When a trust makes sense

A regulated trust is worth serious consideration when:

  • You want landed property — a house, a villa, a plot — rather than a strata unit, so direct ownership is off the table.
  • You want materially more protection than a nominee and are willing to pay for a regulated structure.
  • A long lease does not fit your goal — for example, you want something closer to ownership economics and succession than a finite leasehold provides.
  • You are working with competent, independent legal advisers who can vet the trustee and draft the deed properly.

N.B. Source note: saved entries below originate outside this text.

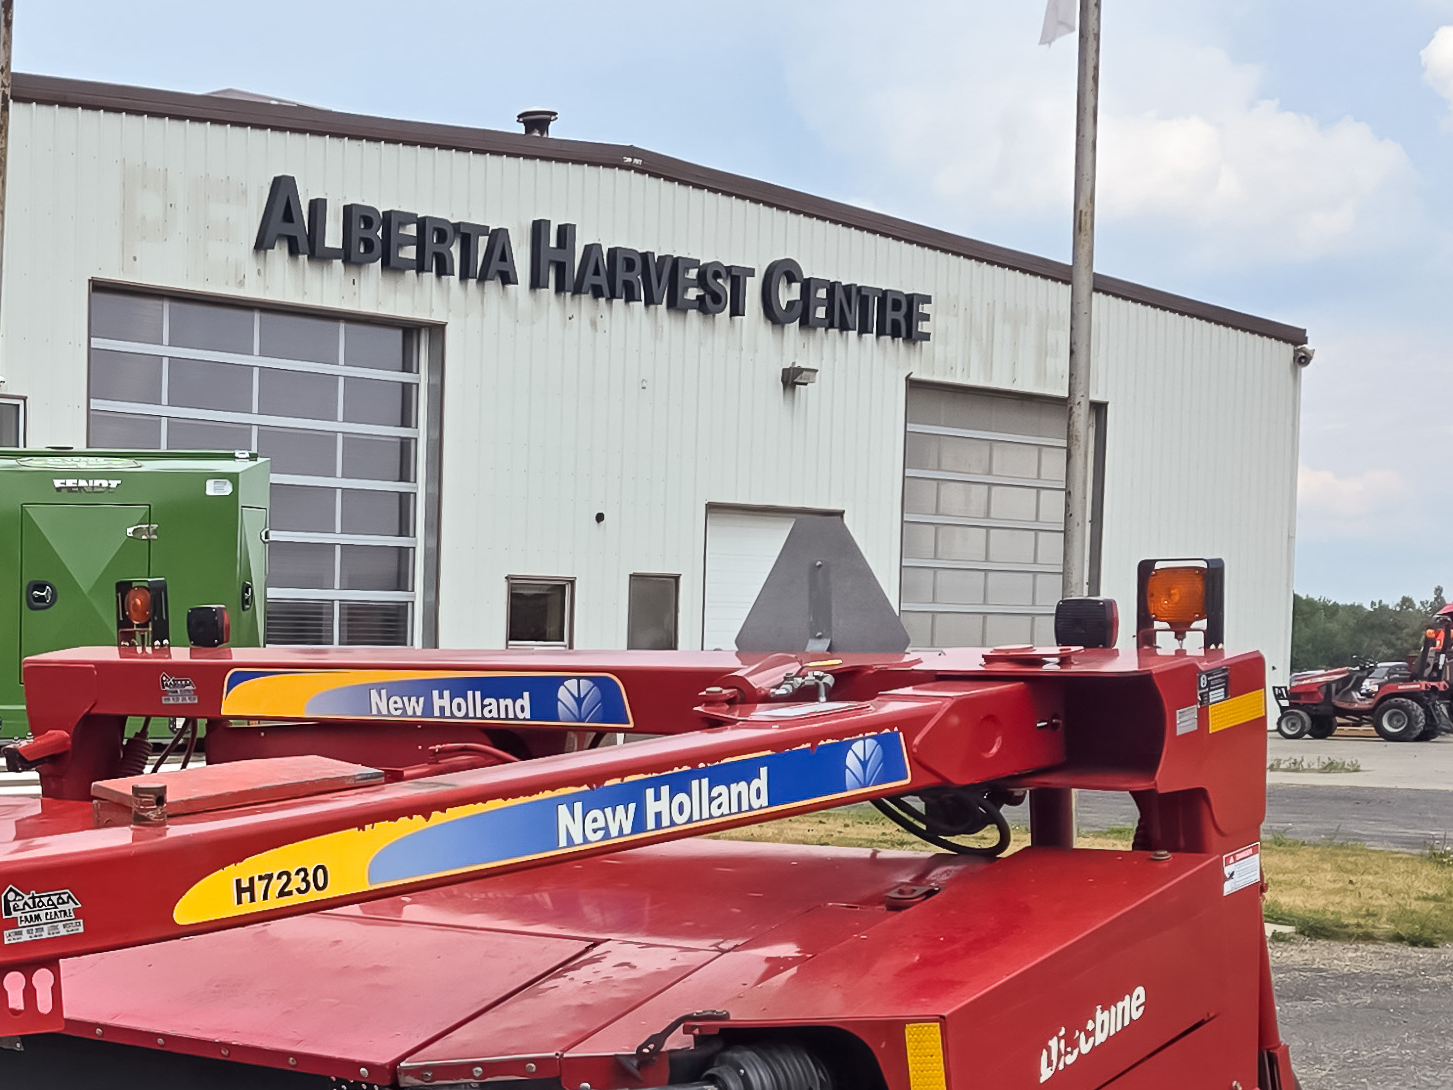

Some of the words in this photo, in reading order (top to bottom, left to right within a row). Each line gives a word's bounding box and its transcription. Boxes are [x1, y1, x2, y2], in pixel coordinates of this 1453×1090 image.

[254, 174, 518, 286] ALBERTA
[531, 218, 756, 318] HARVEST
[761, 257, 933, 342] CENTRE
[52, 478, 122, 493] FENDT
[369, 688, 424, 716] New
[432, 690, 531, 719] Holland
[557, 801, 636, 848] New
[645, 766, 769, 831] Holland
[234, 863, 330, 906] H7230
[19, 913, 43, 925] FARM
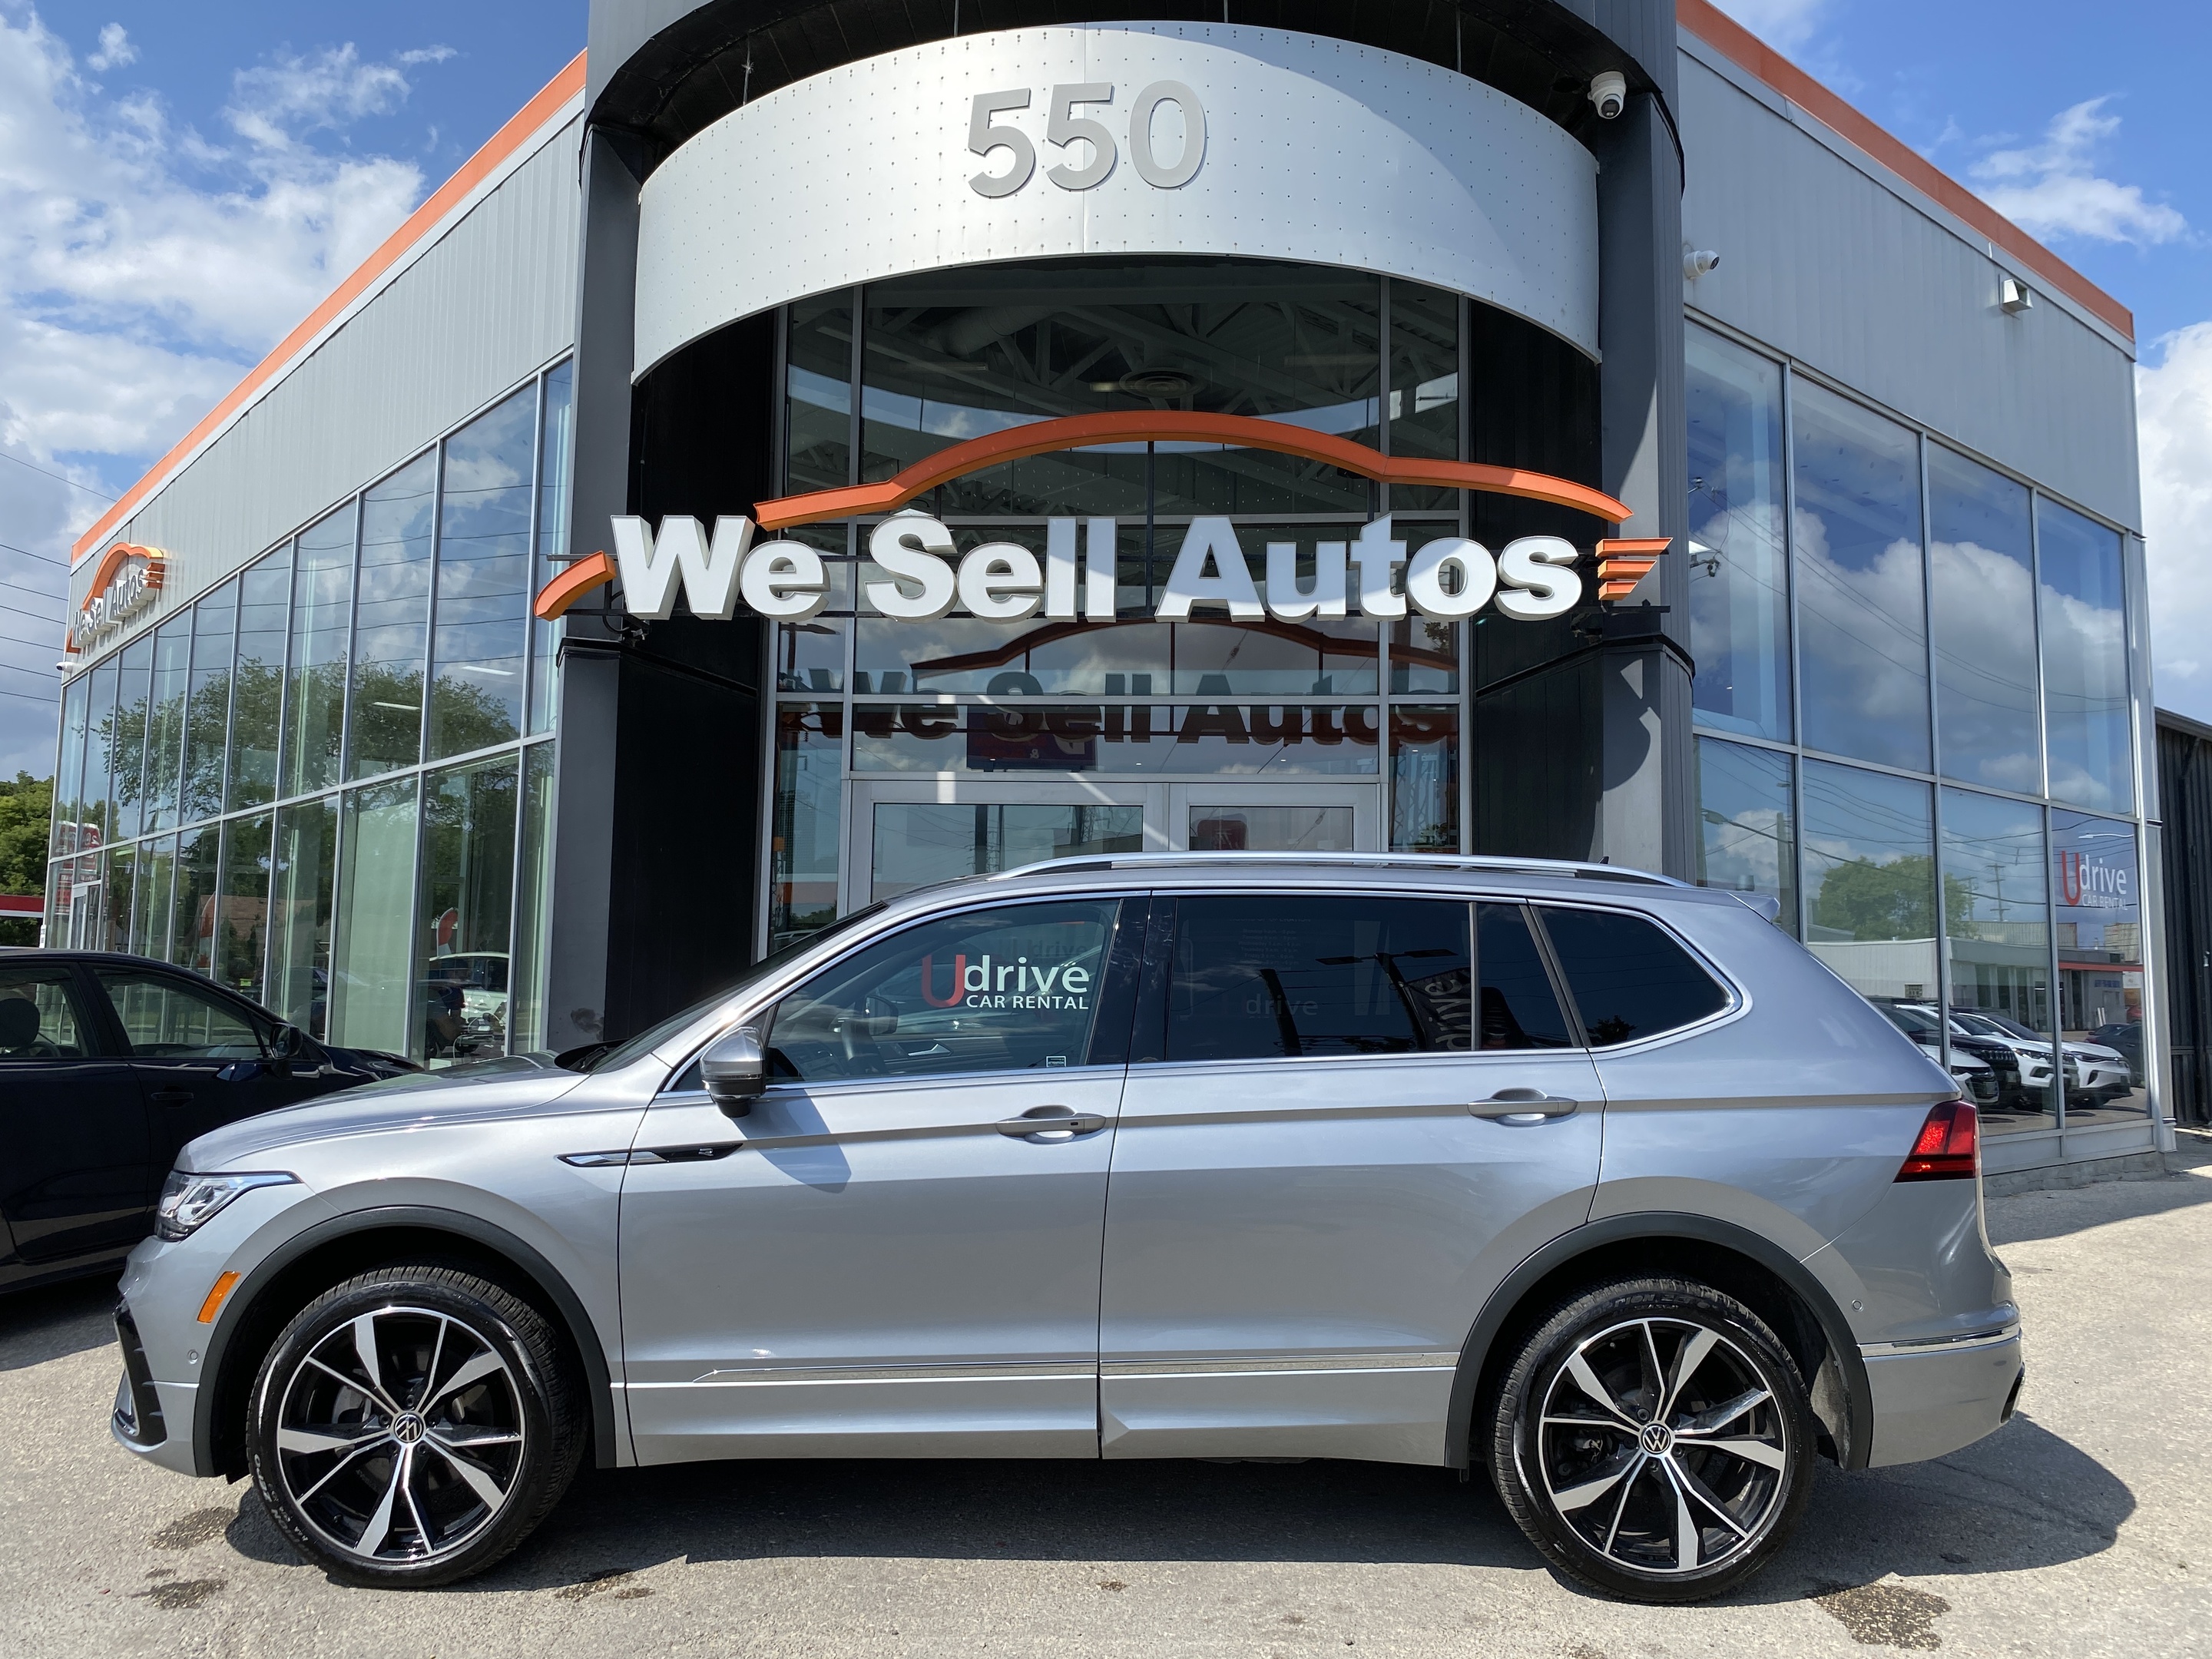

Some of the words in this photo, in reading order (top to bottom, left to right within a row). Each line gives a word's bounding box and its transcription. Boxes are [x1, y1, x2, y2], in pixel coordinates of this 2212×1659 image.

[968, 80, 1207, 198] 550
[611, 514, 830, 621] We
[865, 511, 1116, 623] Sell
[1154, 512, 1582, 623] Autos
[2061, 850, 2127, 906] Udrive
[2081, 894, 2098, 908] CAR
[2099, 896, 2128, 911] RENTAL
[922, 954, 1090, 1008] Udrive
[966, 995, 1005, 1008] CAR
[1012, 995, 1090, 1010] RENTAL

It makes less sense for a buyer whose needs a registered long lease already meets cleanly, or for anyone who cannot or will not pay for proper structuring and advice.

The takeaway

Cambodia’s Trust Law gave foreign buyers a regulated, registered way to hold landed property as a beneficiary under a licensed trustee — the substance that nominee arrangements only imitate. For the right buyer, properly advised, it is now one of the strongest routes to landed property short of qualifying strata ownership.

Hold the two truths together. A trust is a real, supervised improvement on the structures that have caused so many foreign-buyer losses. And it is still a structure, in a young framework, that leaves you a beneficiary rather than an owner. Engage an independent lawyer who represents you, scrutinise the trustee and the deed, and — as always with Cambodian land — make sure the title underneath the whole arrangement is sound. None of this is legal advice; it is the map you take to a qualified adviser before you commit.